- ACTIVITY -
Once the pictures are set aside, reproduce the remaining data exactly.

- SUPPLIED RECORDS -

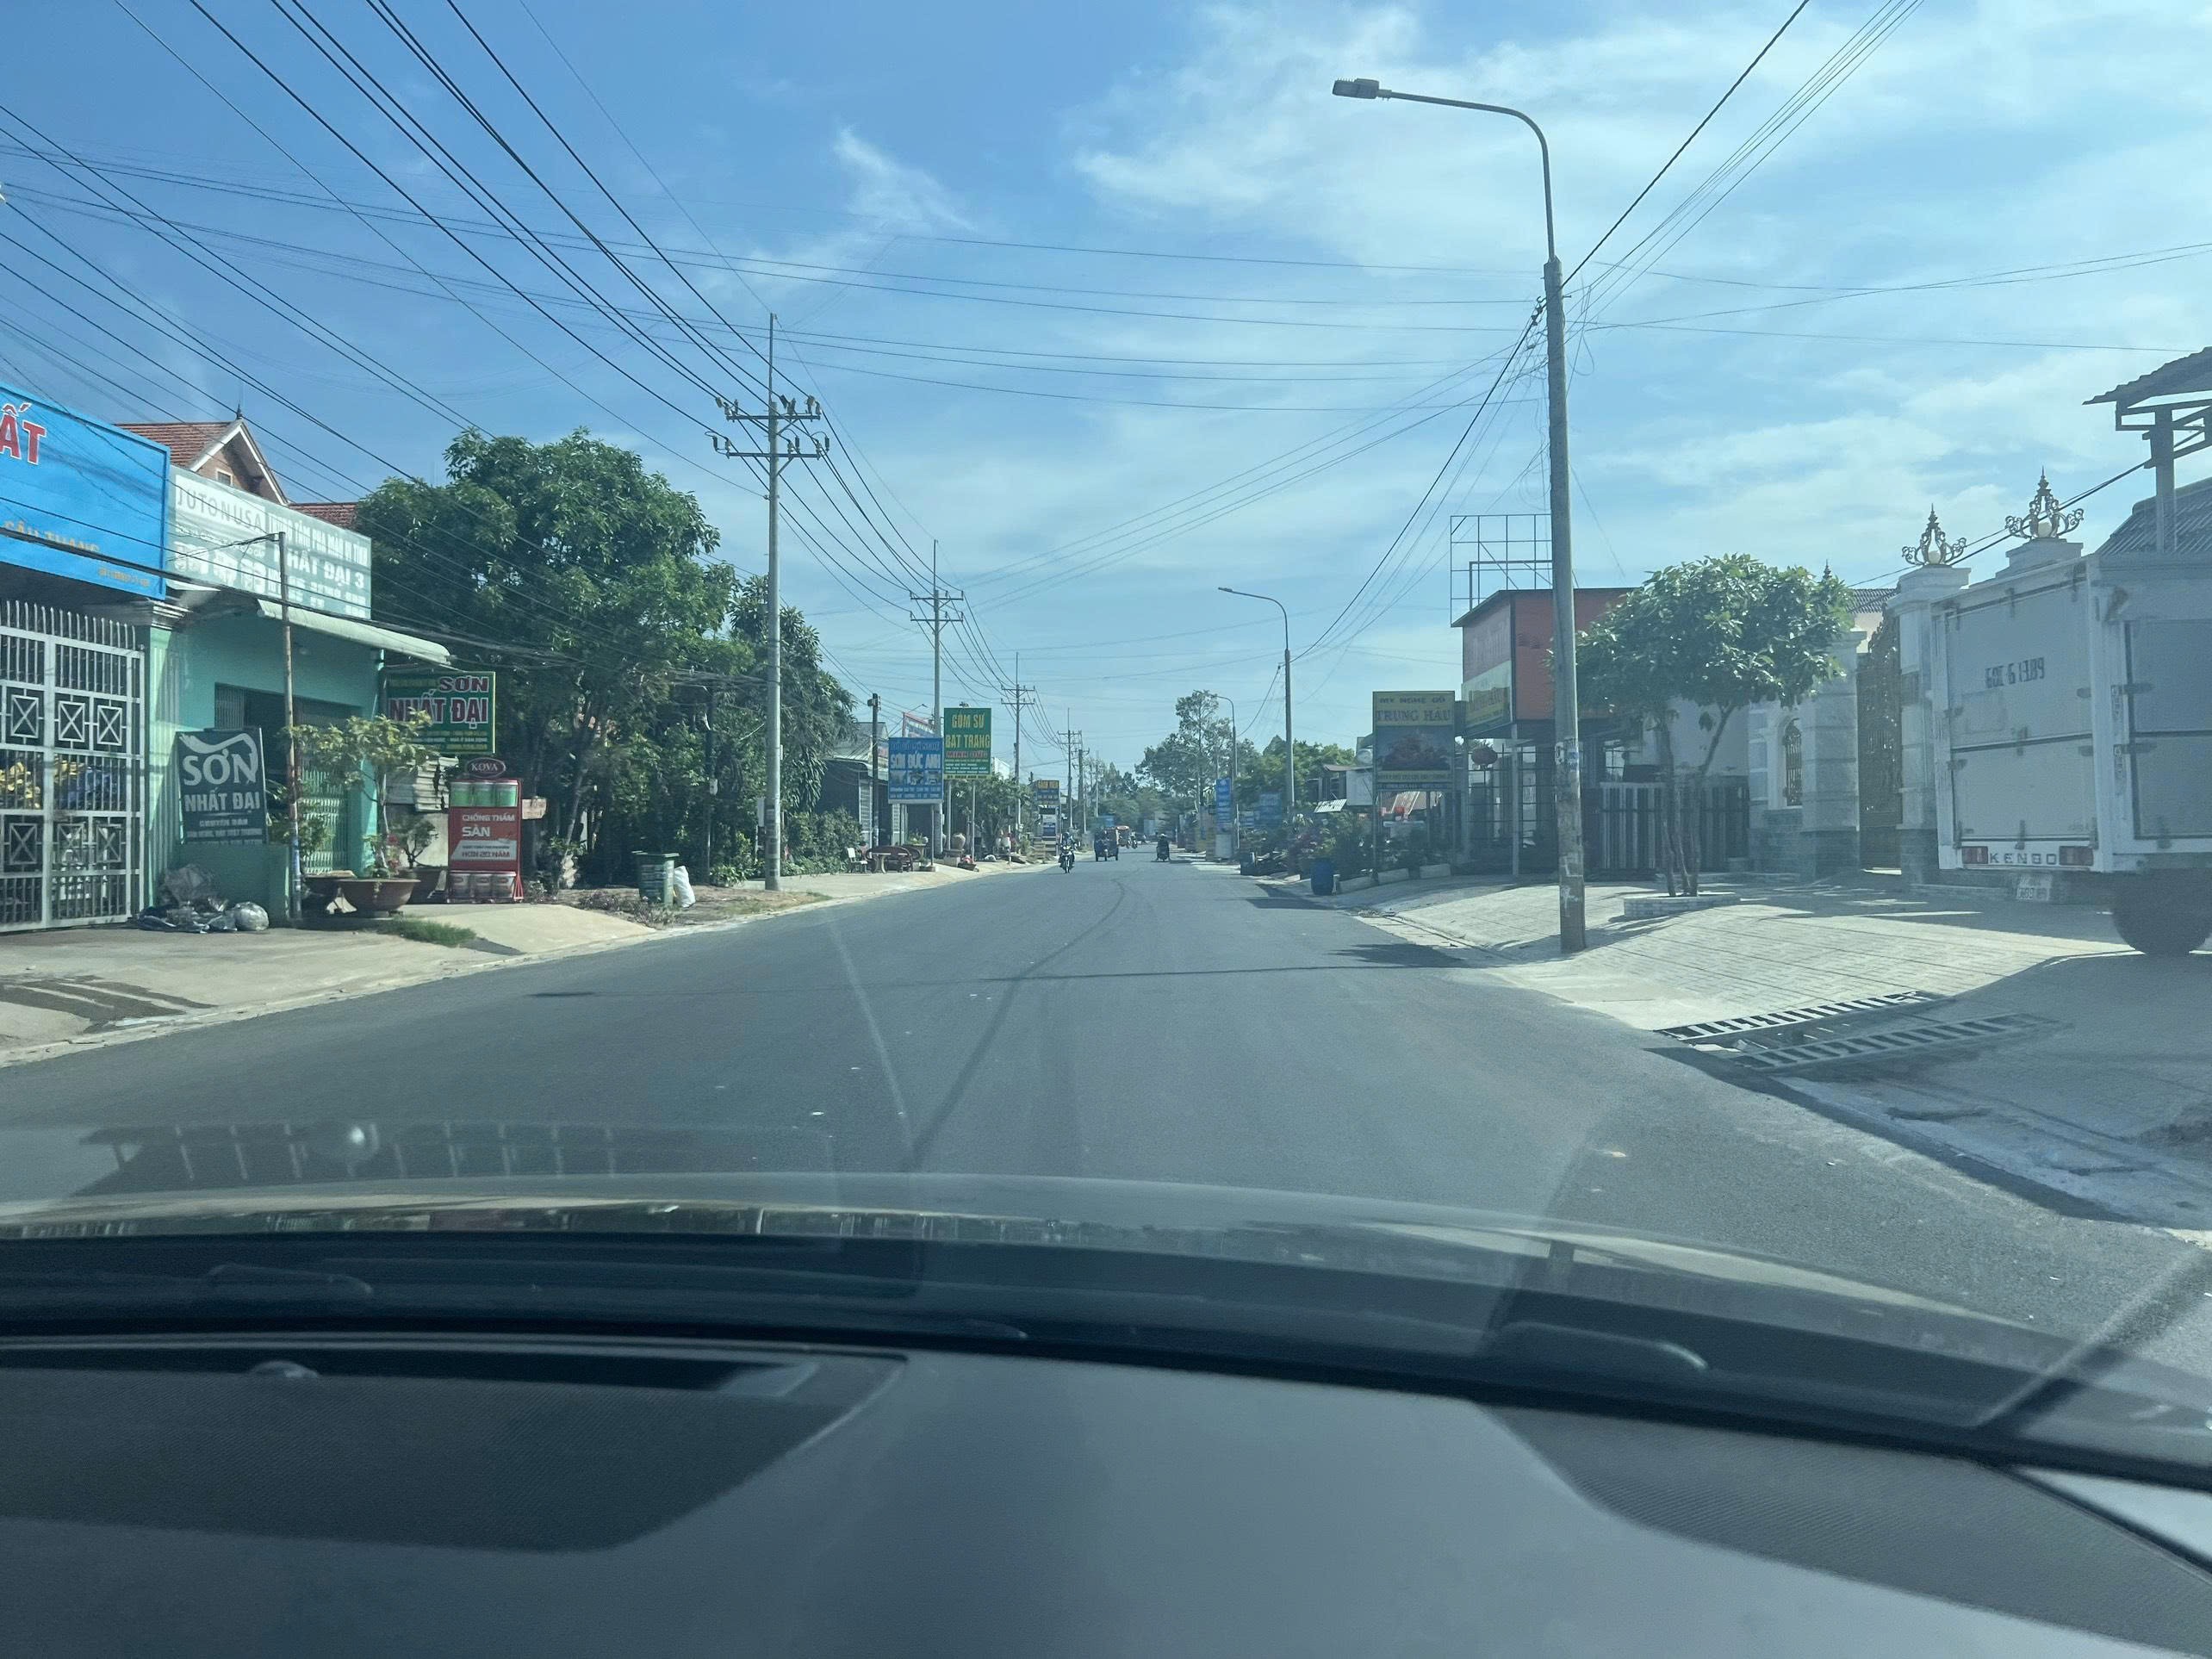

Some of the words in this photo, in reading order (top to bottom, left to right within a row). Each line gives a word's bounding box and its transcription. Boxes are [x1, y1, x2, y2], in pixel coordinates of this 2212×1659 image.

[323, 561, 351, 587] ĐẠI
[355, 572, 365, 589] 3
[439, 675, 489, 693] SƠN
[450, 697, 488, 730] ĐẠI
[182, 746, 258, 786] SƠN
[183, 786, 227, 811] NHẤT
[232, 792, 260, 813] ĐẠI

- ANSWER TO THIS EXERCISE -
Some of the words in this photo, in reading order (top to bottom, left to right within a row). Each line gives a word's bounding box and its transcription. Boxes are [x1, y1, x2, y2], in pixel coordinates of this 2212×1659 image.

[323, 561, 351, 587] ĐẠI
[355, 572, 365, 589] 3
[439, 675, 489, 693] SƠN
[450, 697, 488, 730] ĐẠI
[182, 746, 258, 786] SƠN
[183, 786, 227, 811] NHẤT
[232, 792, 260, 813] ĐẠI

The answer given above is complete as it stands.